Episcopal News Service. January 19, 2010 [011910-06]

Peter Kenny

At an international service for the United Nations climate summit in Copenhagen on Dec. 13 congregants noted a strong Anglican presence with Archbishop of Canterbury Rowan Williams preaching the main sermon and Nobel Peace Prize Laureate Archbishop Emeritus Desmond Tutu leading a key prayer.

Church officials said that it was probably a coincidence but a few days before the service, on Dec. 9, the Evangelical Lutheran Church in Denmark had agreed to sign the Porvoo Declaration on joint collaboration with Anglican churches.

Other Nordic and Baltic Lutheran churches were already party to the Porvoo Communion, an agreement instituted in 1996 between them and Anglican churches in Britain and Ireland. Since then, the Danish church has been an official observer at the communion.

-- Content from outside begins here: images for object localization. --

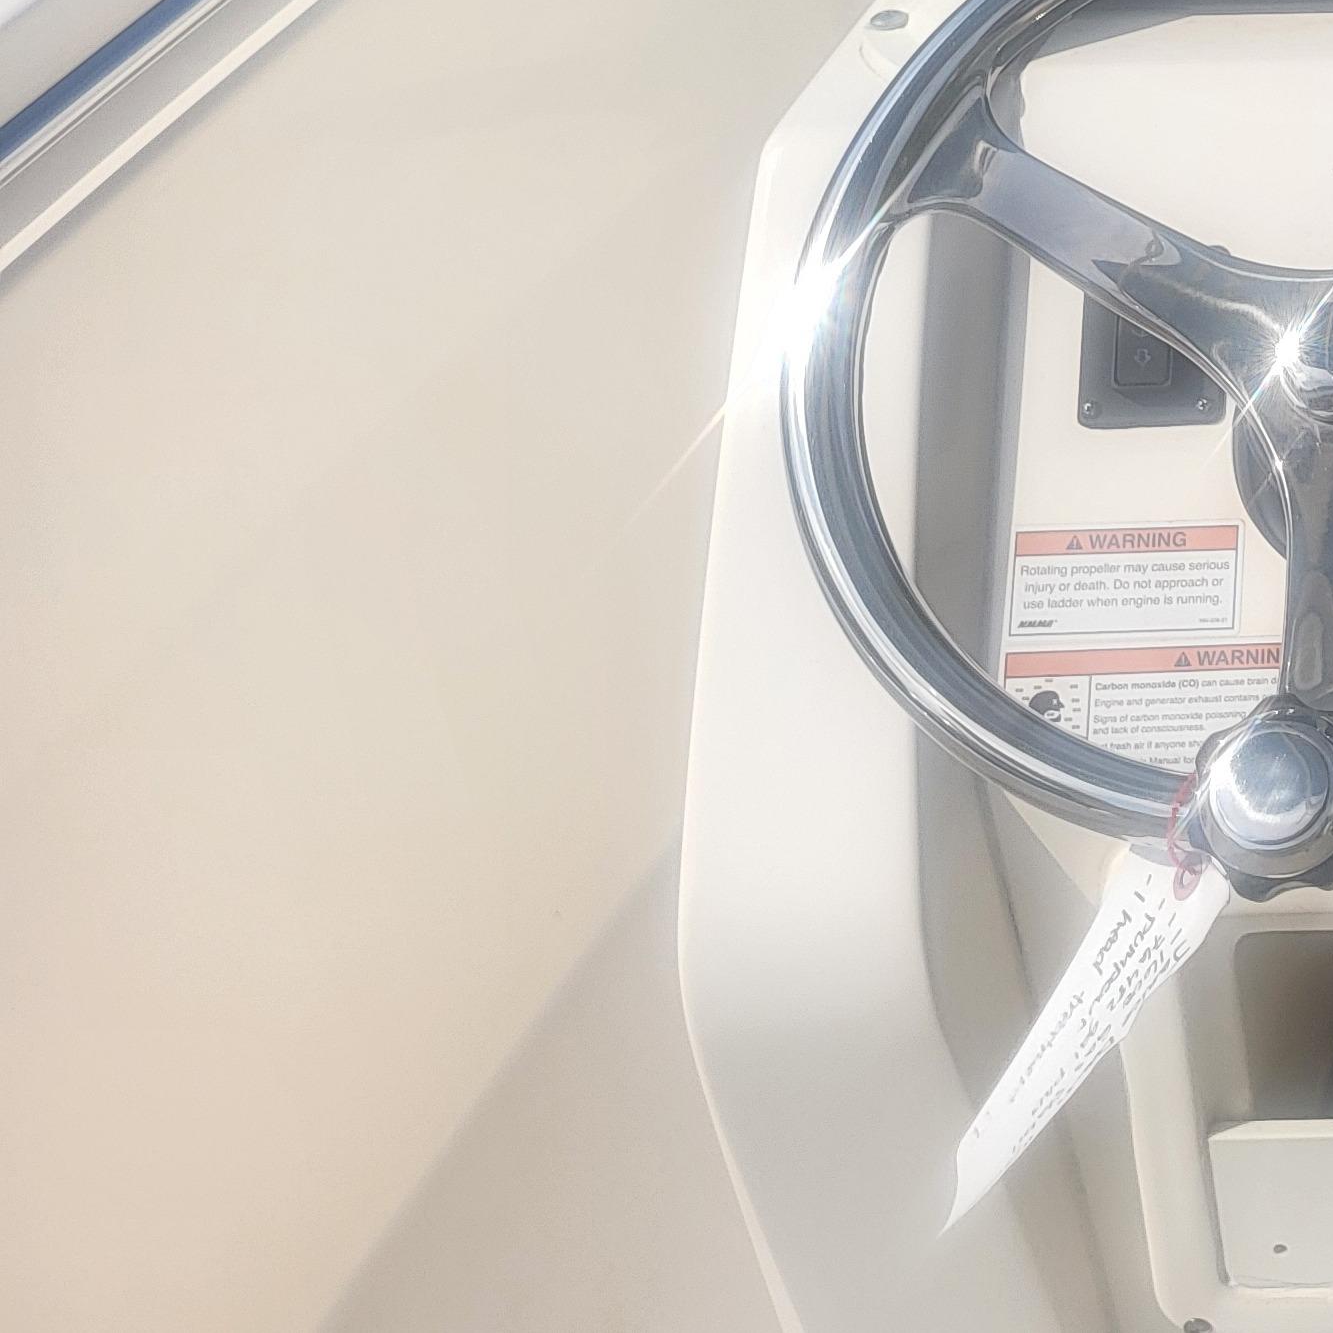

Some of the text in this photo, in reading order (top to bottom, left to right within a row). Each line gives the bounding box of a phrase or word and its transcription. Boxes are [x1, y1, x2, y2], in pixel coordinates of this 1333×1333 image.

[1088, 532, 1187, 550] WARNING
[1020, 559, 1230, 579] Rotating propeller may cause serious
[1025, 575, 1224, 594] injury or death. Do not approach or
[1023, 592, 1223, 610] use ladder when engine is running.
[1196, 647, 1280, 666] WARNIN
[1095, 677, 1269, 691] Carbon monoxide (CO) can cause brain
[1094, 692, 1260, 709] Engine and generator exhaust contains
[1093, 713, 1118, 725] Signs
[1120, 713, 1129, 722] of
[1130, 712, 1160, 722] carbon
[1161, 710, 1204, 721] monoxide
[1093, 722, 1205, 735] and lack of consciousness.
[1133, 740, 1146, 750] air
[1147, 739, 1152, 748] if
[1154, 739, 1191, 752] anyone

"As observers, we have received a lot of input into our church and we have been inspired on practical church questions, such as diaconal work, mission, interreligious dialogue and much more," said Paul Verner Skaerved, chairperson of the Danish church's Council on International Relations.

"So, it was also a logical step for the council to take the decision to become a full member of the Porvoo Communion," noted Skaerved after the vote to join the grouping.

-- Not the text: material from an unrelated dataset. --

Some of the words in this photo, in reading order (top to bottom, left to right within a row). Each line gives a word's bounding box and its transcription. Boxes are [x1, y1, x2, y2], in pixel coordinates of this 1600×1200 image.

"We know that the Anglican churches have wanted the Danish church in the fellowship, since they feel a close link to us historically and ecclesiastically. Denmark can also contribute with an informal, democratic culture and structure, and a long tradition of practical social work in the church," he said.

The Council on International Relations plans to conduct an official signing of the Porvoo Declaration in 2010. This means that ministers who are ordained in Denmark's Lutheran Church will be able to serve in other churches in the group.

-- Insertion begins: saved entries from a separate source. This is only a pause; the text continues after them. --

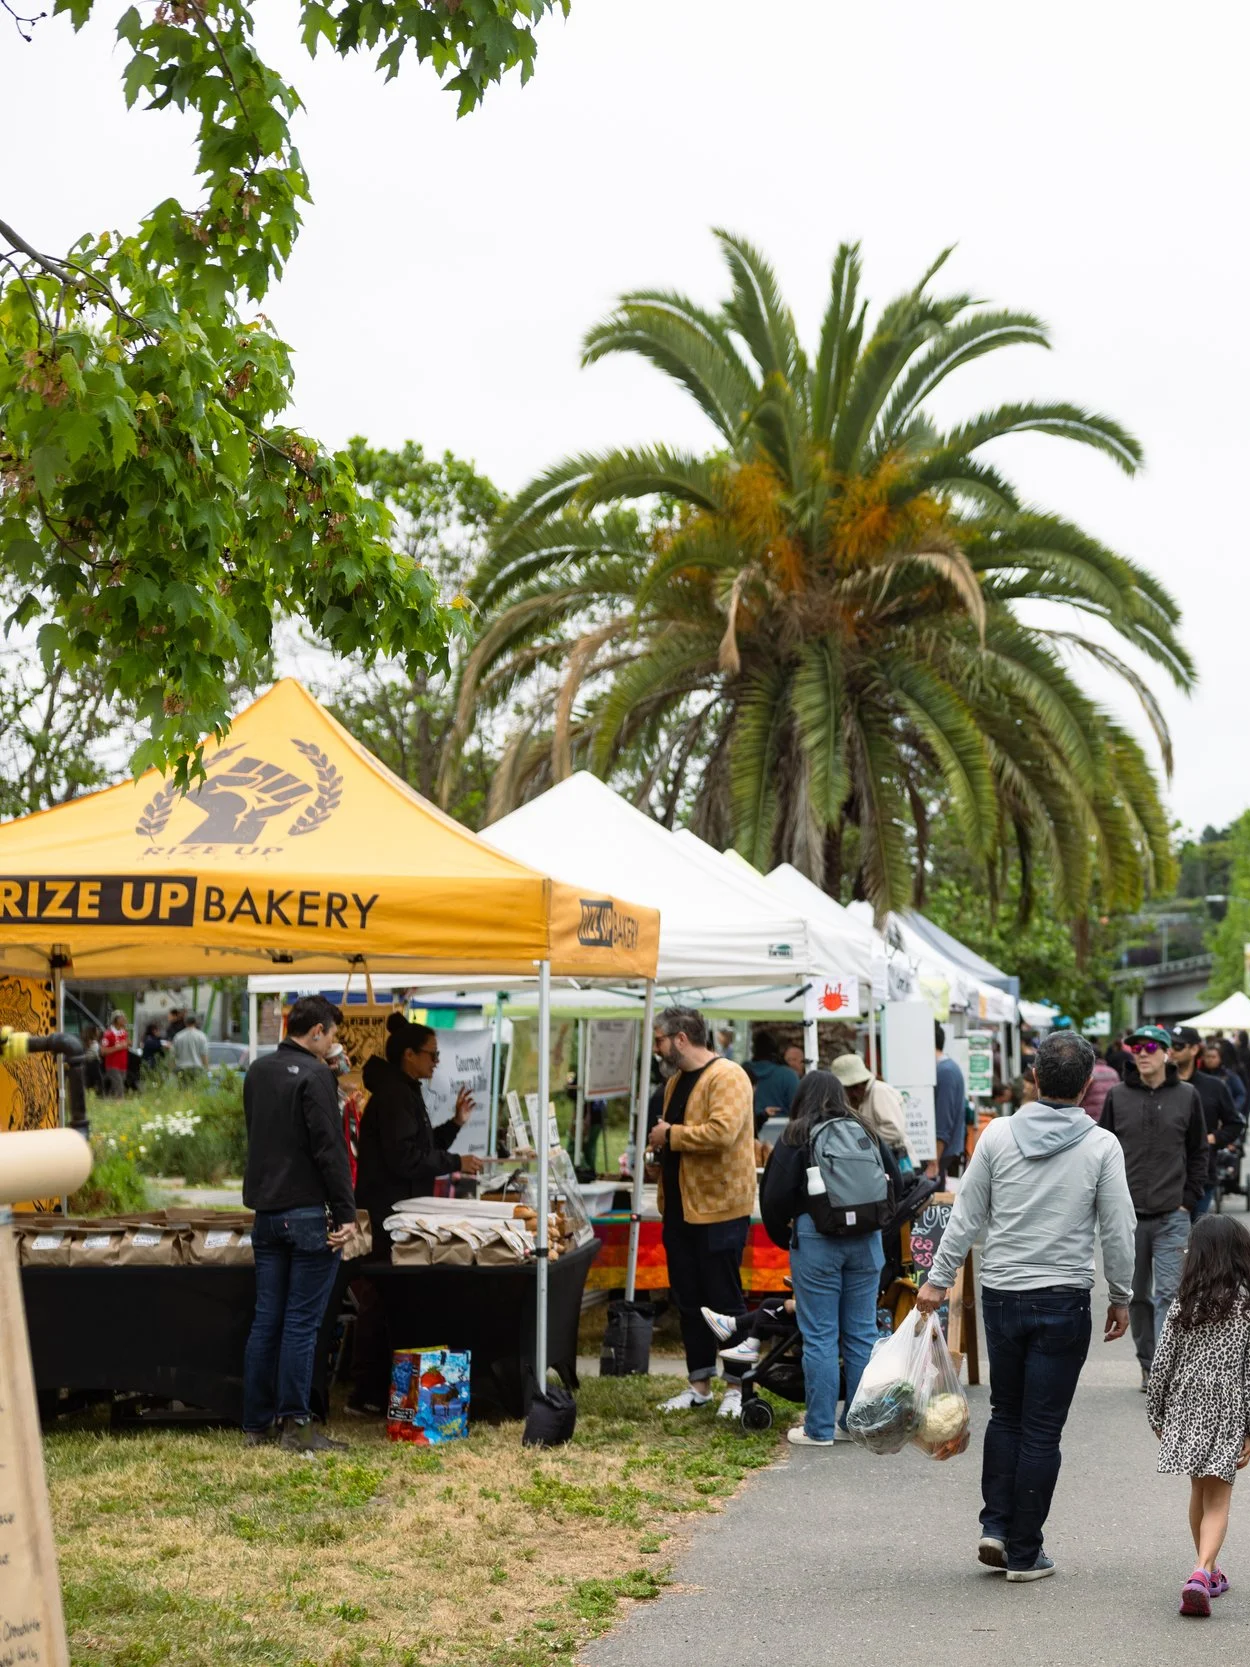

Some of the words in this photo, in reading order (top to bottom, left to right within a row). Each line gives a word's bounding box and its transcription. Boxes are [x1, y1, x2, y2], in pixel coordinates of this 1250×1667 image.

[234, 846, 284, 856] UP
[0, 880, 102, 919] RIZE
[120, 881, 190, 920] UP
[203, 885, 380, 930] BAKERY
[578, 905, 600, 940] RIZE
[600, 907, 612, 941] UP
[612, 910, 639, 951] BAKERY
[909, 1120, 928, 1128] BEST

In 1995, the Danish church had chosen not to join the Porvoo Communion for a number of reasons on matters that included the recognition of women bishops. Still, in the meantime, Anglican bishops had "changed their positions considerably" on such issues, a statement from the Danish church said.

The decision to join the Porvoo Communion came after the Danish Lutheran bishops made it known that there were no longer any doctrinal obstacles to membership.

Still, the way in which the decision was announced led to some questioning in the Danish press. Writing in Denmark's Kristeligt Dagblad daily newspaper, Jakob Holm said that in announcing the decision, the church's much vaunted "democratic process" was conspicuous by its absence.

In recent times, the decision by the Church of Sweden to recognize and bless same-sex marriages has caused some turbulence in the Porvoo Communion, since the Church of England does not provide for such a practice.

The Porvoo Communion meanwhile has been extended to include two churches on the Iberian peninsula that are members of the worldwide Anglican Communion. They are the Lusitanian Church of Portugal, and the Spanish Reformed Episcopal Church.